◆ What is required
Output only the lines from the line holding "this 1334×1500 image." through the close of the records, exactly as they appear, with all pictures omitted.

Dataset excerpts
◇ ◇ ◇ ◇ ◇
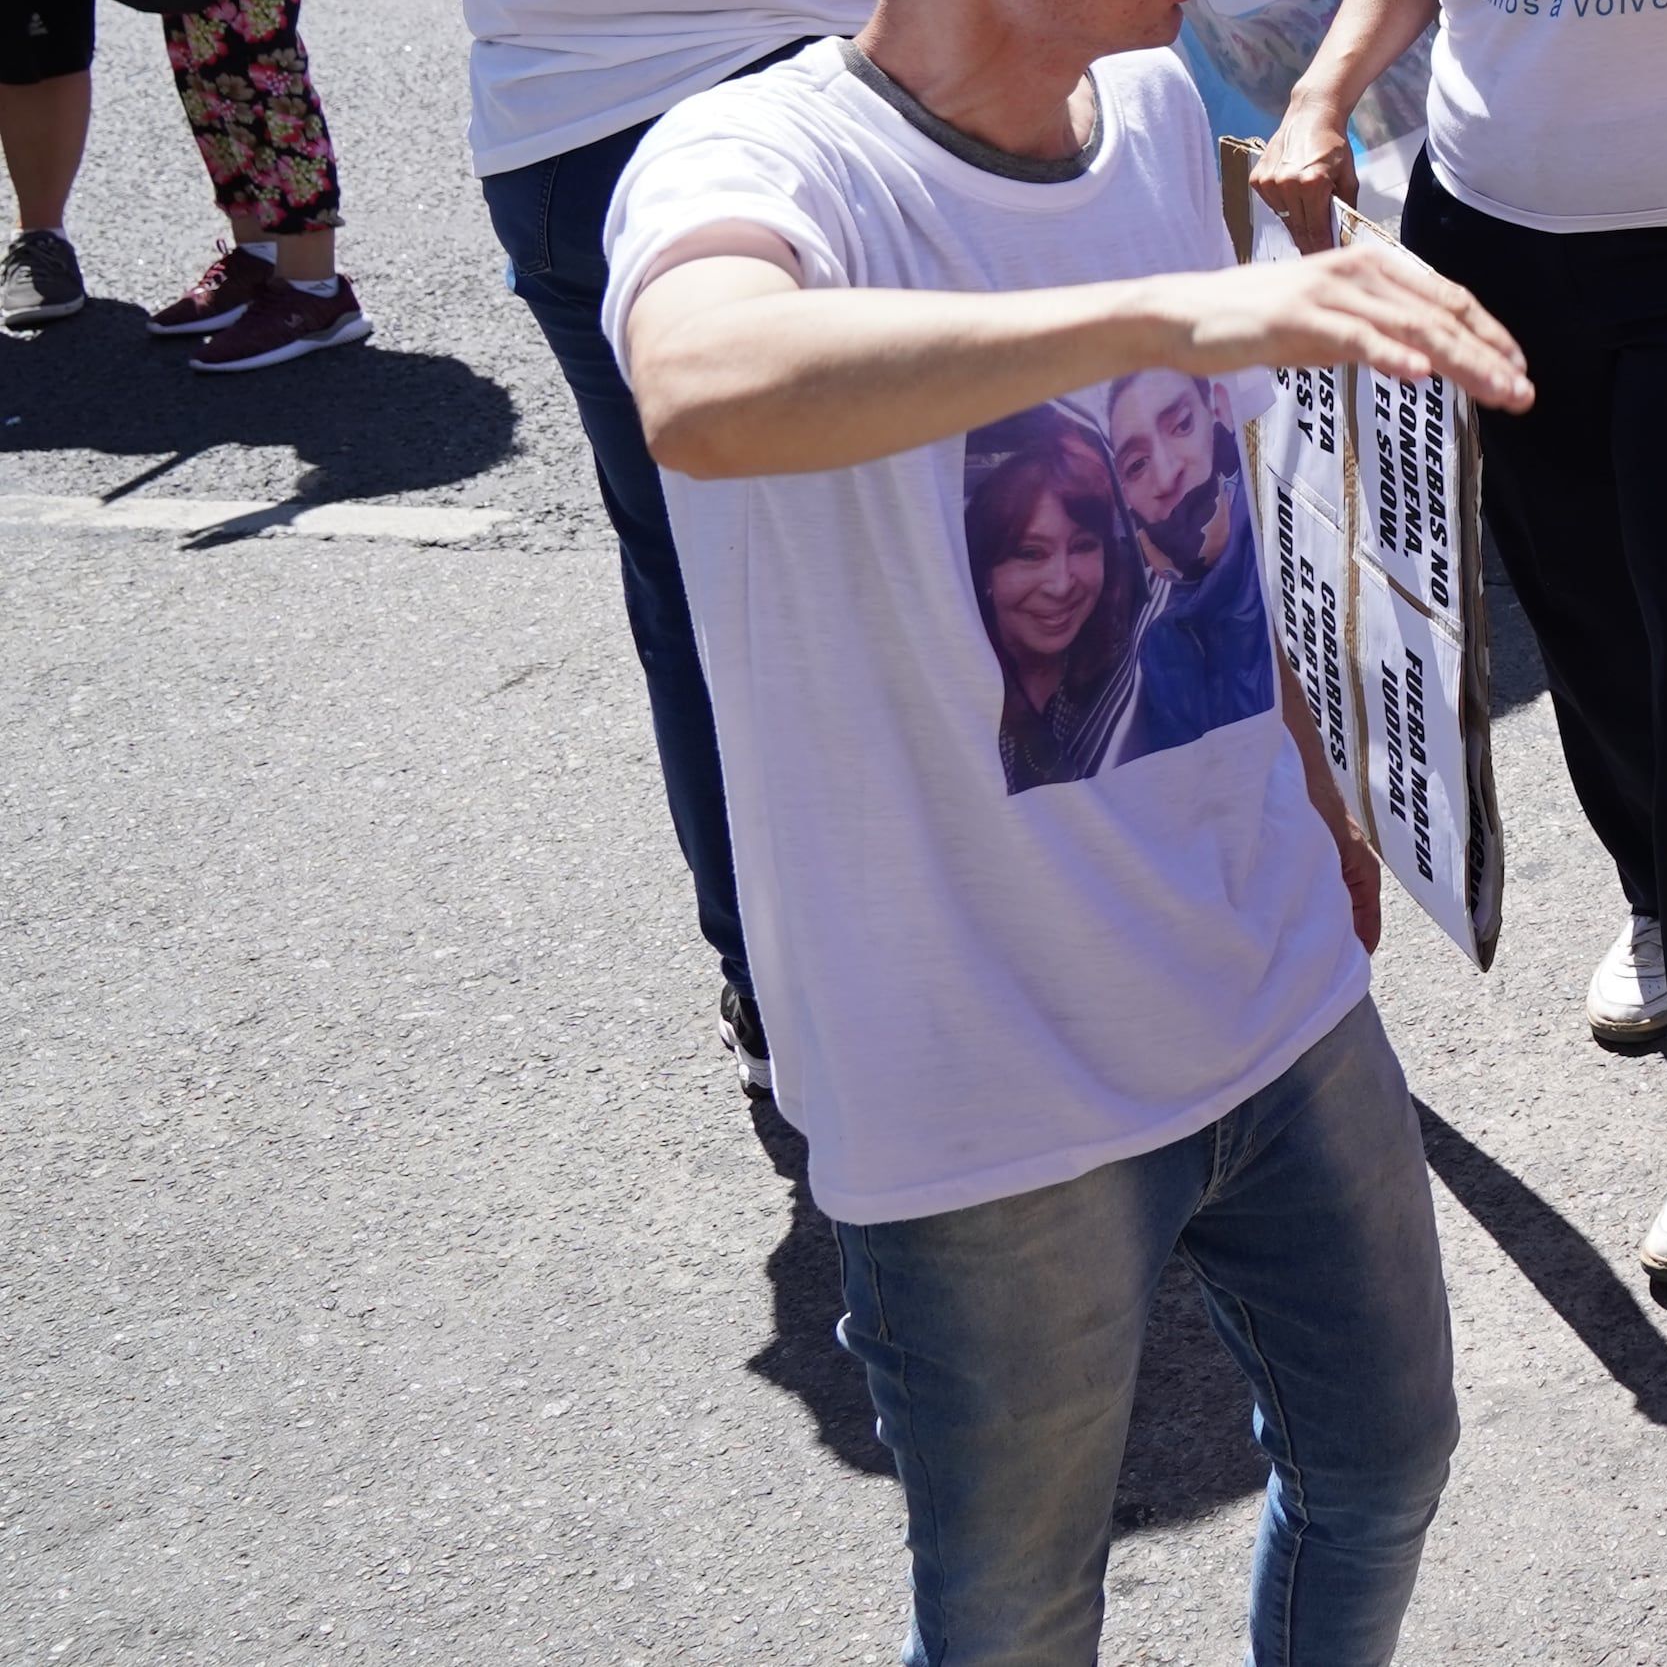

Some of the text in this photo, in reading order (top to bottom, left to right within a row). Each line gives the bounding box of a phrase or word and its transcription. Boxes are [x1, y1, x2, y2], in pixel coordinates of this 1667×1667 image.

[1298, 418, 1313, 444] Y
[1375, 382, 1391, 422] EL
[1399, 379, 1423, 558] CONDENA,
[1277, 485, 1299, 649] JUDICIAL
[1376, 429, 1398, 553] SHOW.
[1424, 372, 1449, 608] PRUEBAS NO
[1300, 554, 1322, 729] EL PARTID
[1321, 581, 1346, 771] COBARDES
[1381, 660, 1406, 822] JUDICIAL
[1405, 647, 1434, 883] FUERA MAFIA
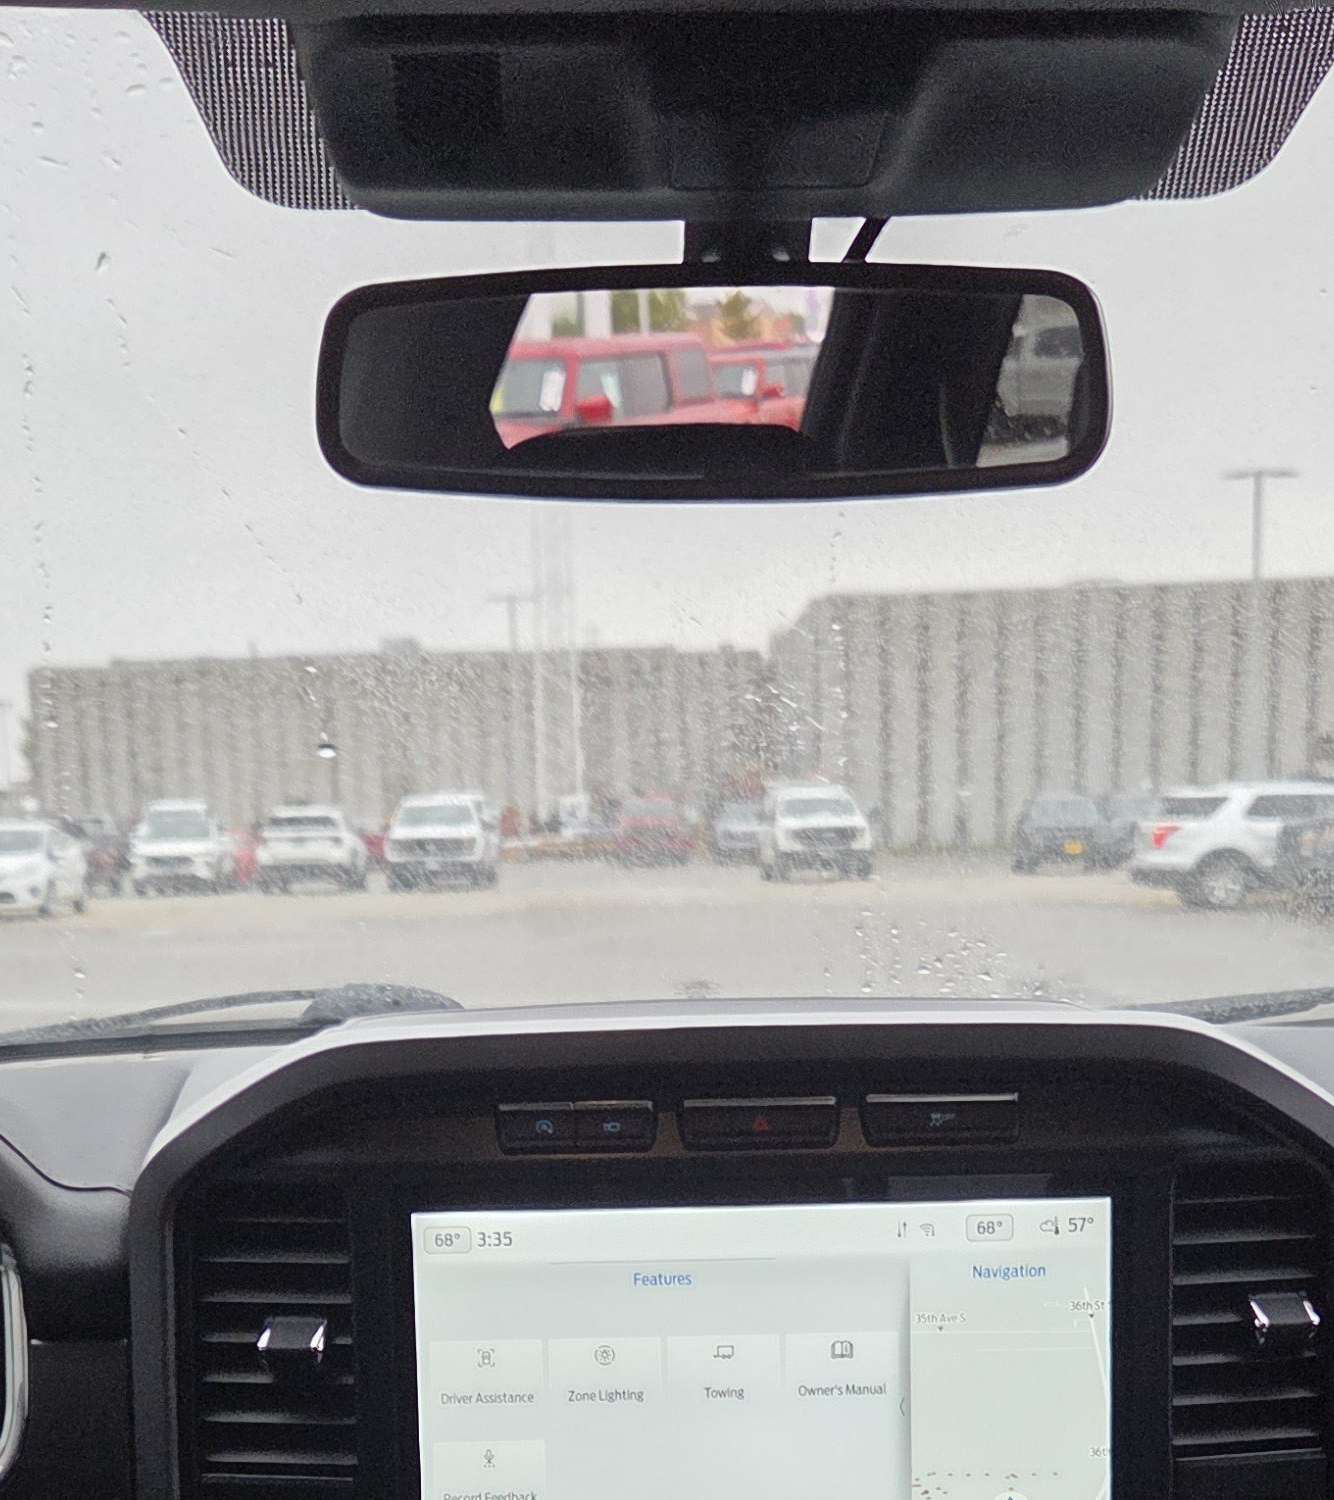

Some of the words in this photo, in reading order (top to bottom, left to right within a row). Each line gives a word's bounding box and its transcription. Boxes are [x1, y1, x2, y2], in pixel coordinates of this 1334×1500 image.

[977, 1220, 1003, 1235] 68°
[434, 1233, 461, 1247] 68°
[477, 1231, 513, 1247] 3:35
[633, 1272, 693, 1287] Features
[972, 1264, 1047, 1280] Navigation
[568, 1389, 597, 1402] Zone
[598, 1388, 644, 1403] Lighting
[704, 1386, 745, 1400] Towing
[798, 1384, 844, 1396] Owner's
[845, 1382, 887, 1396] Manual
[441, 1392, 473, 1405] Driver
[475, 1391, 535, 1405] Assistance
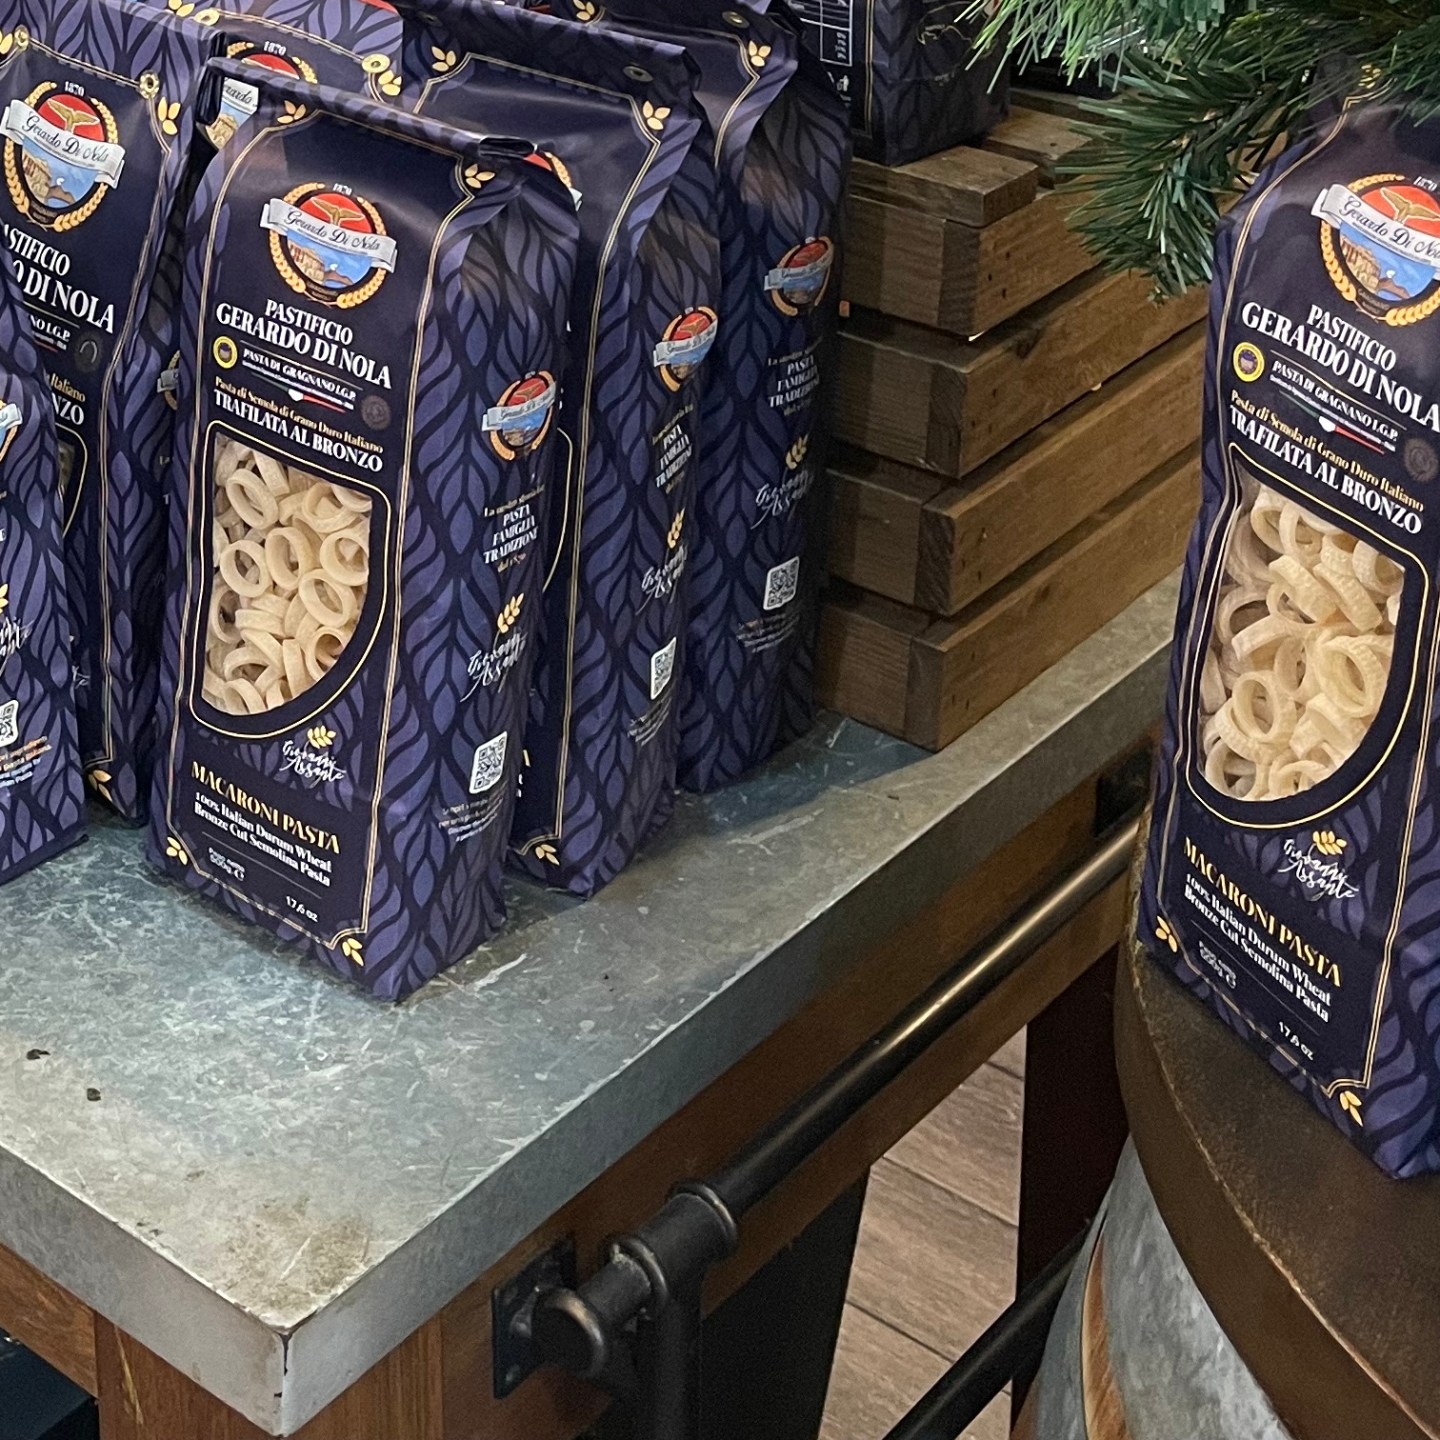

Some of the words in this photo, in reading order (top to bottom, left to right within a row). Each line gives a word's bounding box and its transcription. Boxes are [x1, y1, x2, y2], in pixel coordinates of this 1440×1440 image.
◇ ◇ ◇ ◇ ◇
◆ Output of the task
Some of the words in this photo, in reading order (top to bottom, left to right within a row). Each line gives a word's bounding box and its transcription. Boxes are [x1, y1, x2, y2], in pixel coordinates of this 1334×1500 image.

[977, 1220, 1003, 1235] 68°
[434, 1233, 461, 1247] 68°
[477, 1231, 513, 1247] 3:35
[633, 1272, 693, 1287] Features
[972, 1264, 1047, 1280] Navigation
[568, 1389, 597, 1402] Zone
[598, 1388, 644, 1403] Lighting
[704, 1386, 745, 1400] Towing
[798, 1384, 844, 1396] Owner's
[845, 1382, 887, 1396] Manual
[441, 1392, 473, 1405] Driver
[475, 1391, 535, 1405] Assistance

Some of the words in this photo, in reading order (top to bottom, left to right within a row). Each line gives a word's bounding box and its transcription. Boxes are [x1, y1, x2, y2], in pixel coordinates of this 1440×1440 image.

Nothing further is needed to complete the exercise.